BACKGROUND OF THE INVENTION

A first group of currently available storage systems for providing redundancy may not provide a desired level of performance. A second group of currently available storage systems for providing redundancy, despite providing a higher level of performance than the first group of currently available storage systems, may not be cost-effective to implement.

Therefore, it may be desirable to provide a storage system which addresses the above-referenced problems of currently available storage system solutions.

SUMMARY OF THE INVENTION

Accordingly, an embodiment of the present invention is directed to a storage system, including a disk array, the disk array including a disk drive pair, the disk drive pair including a solid state disk drive and a hard disk drive; and a disk array controller, the disk array controller configured for being communicatively coupled with the disk array and a host server, the disk array controller being further configured for reading from the disk array and writing to the disk array based upon commands received from the host server, wherein the disk array is provided as a Redundant Array of Inexpensive Disks (RAID) configuration, the disk drive pair being a RAID disk drive pair.

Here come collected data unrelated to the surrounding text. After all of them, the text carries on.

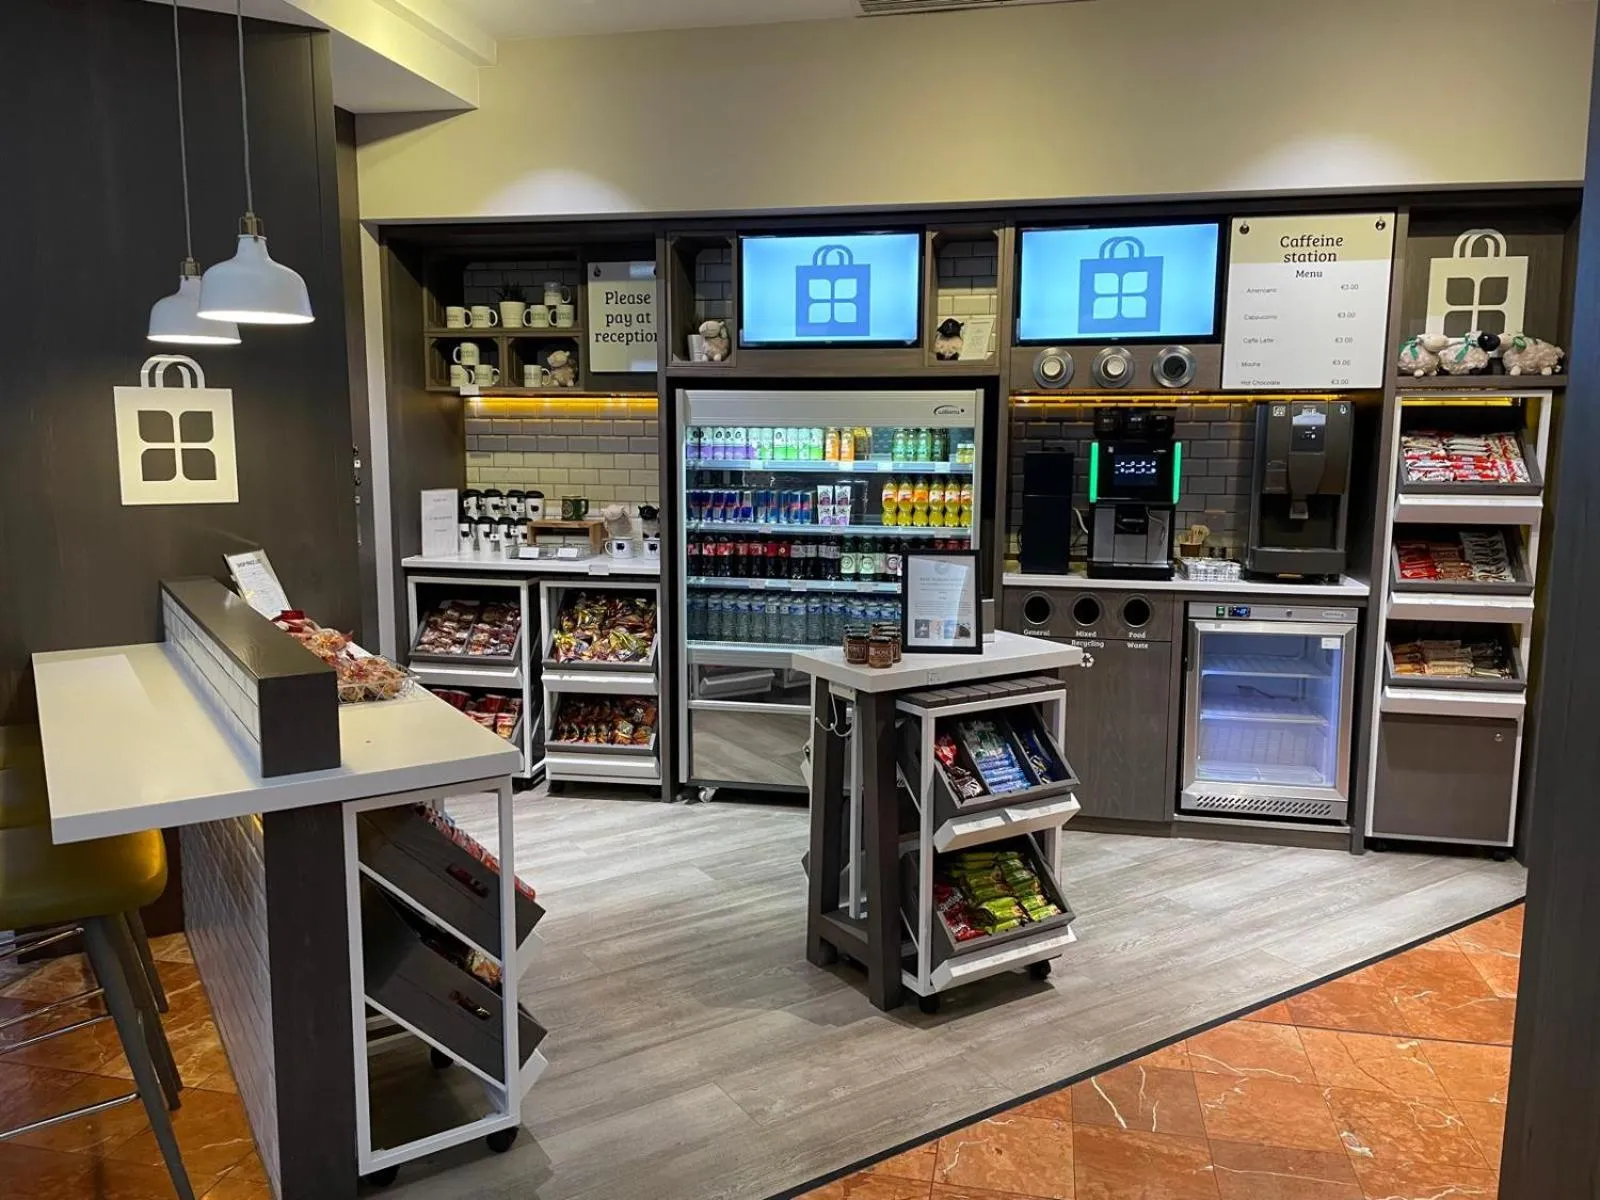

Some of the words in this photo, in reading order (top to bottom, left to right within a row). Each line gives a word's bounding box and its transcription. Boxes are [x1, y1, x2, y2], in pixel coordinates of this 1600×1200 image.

[1280, 234, 1344, 248] Caffeine
[1283, 250, 1337, 263] station
[1295, 270, 1323, 278] Menu
[605, 291, 651, 305] Please
[606, 312, 633, 327] pay
[636, 312, 651, 324] at
[1075, 630, 1097, 638] Mixed
[1128, 631, 1146, 639] Food
[1071, 640, 1104, 648] Recycling

A further embodiment of the present invention is directed to a method for implementing a storage system, the storage system including a disk array, the disk array including a disk drive pair, the disk drive pair including a solid state disk drive and a hard disk drive, said method including: receiving read commands and write commands from a host server; directing the read commands exclusively to the solid state disk drive; directing the write commands to the hard disk drive and the solid state disk drive; and reading data from the solid state disk drive based upon the read commands, wherein the disk array is configured as a Redundant Array of Inexpensive Disks (RAID) configuration, with the disk drive pair being a RAID disk drive pair.

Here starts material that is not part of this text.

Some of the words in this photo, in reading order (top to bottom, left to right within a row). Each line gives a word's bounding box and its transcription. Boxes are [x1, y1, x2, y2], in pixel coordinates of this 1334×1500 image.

An additional embodiment of the present invention is directed to a computer-readable medium having computer-executable instructions for performing a method for implementing a storage system, the storage system including a disk array, the disk array including a disk drive pair, the disk drive pair including a solid state disk drive and a hard disk drive, said method including: receiving read commands and write commands from a host server; directing the read commands exclusively to the solid state disk drive; directing the write commands to the hard disk drive and the solid state disk drive; and reading data from the solid state disk drive based upon the read commands, wherein the disk array is configured as a Redundant Array of Inexpensive Disks (RAID) configuration, with the disk drive pair being a RAID disk drive pair.

It is to be understood that both the foregoing general description and the following detailed description are exemplary and explanatory only and are not necessarily restrictive of the invention as claimed. The accompanying drawings, which are incorporated in and constitute a part of the specification, illustrate embodiments of the invention and together with the general description, serve to explain the principles of the invention.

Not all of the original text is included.